# Tandem wheels



## fighton SC (Sep 6, 2007)

I need to replace the front wheel on my road tandem. It currently is a 40 spoke wheel with what appears to be a heavier hub than a typical road bike. Can I use a regular road wheel? As I look for wheels on-line, I can't find anything that identifies a wheel as a "tandem" wheel or hub. What do I need to look for in product descriptions? Appreciate any help I can get.


----------



## Kerry Irons (Feb 25, 2002)

*tandem front wheel*



fighton SC said:


> I need to replace the front wheel on my road tandem. It currently is a 40 spoke wheel with what appears to be a heavier hub than a typical road bike. Can I use a regular road wheel? As I look for wheels on-line, I can't find anything that identifies a wheel as a "tandem" wheel or hub. What do I need to look for in product descriptions? Appreciate any help I can get.
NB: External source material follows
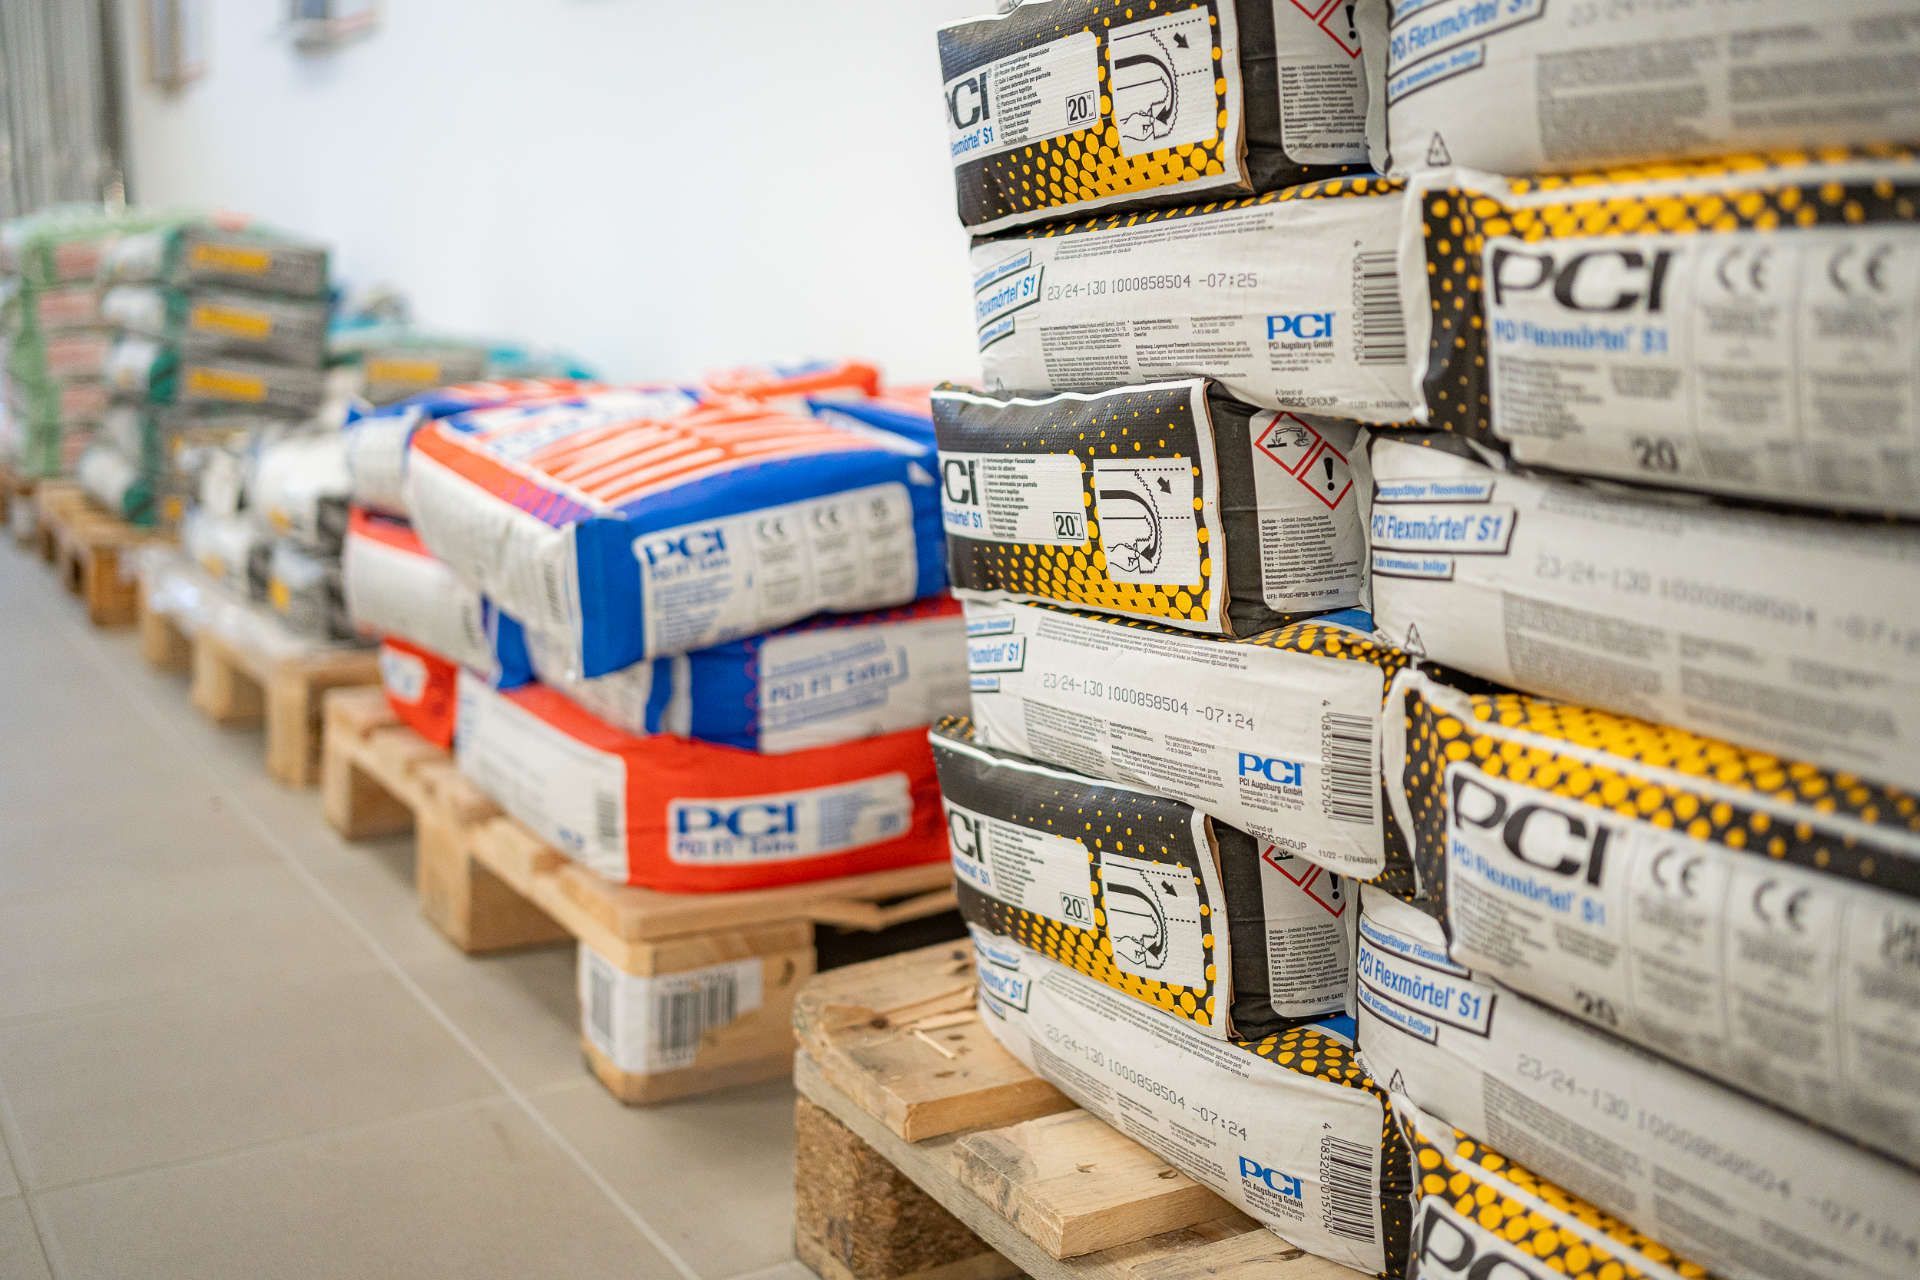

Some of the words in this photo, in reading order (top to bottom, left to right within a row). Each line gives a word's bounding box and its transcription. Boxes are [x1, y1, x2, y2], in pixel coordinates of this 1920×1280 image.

Some of it depends on the load you're carrying, plus the quality of the roads and your skills at avoiding potholes, etc. For most, you would want a minimum of 36 spokes. Beyond that, not too much to consider. A 36 spoke wheel is not going to have a superlight hub that couldn't take tandem service. If you want to get serious, go to Tandems Limited (www.tandemsltd.com) or other tandem specialists.


----------



## My Own Private Idaho (Aug 14, 2007)

Check out www.chucksbikes.com.


----------



## fighton SC (Sep 6, 2007)

Thanks


----------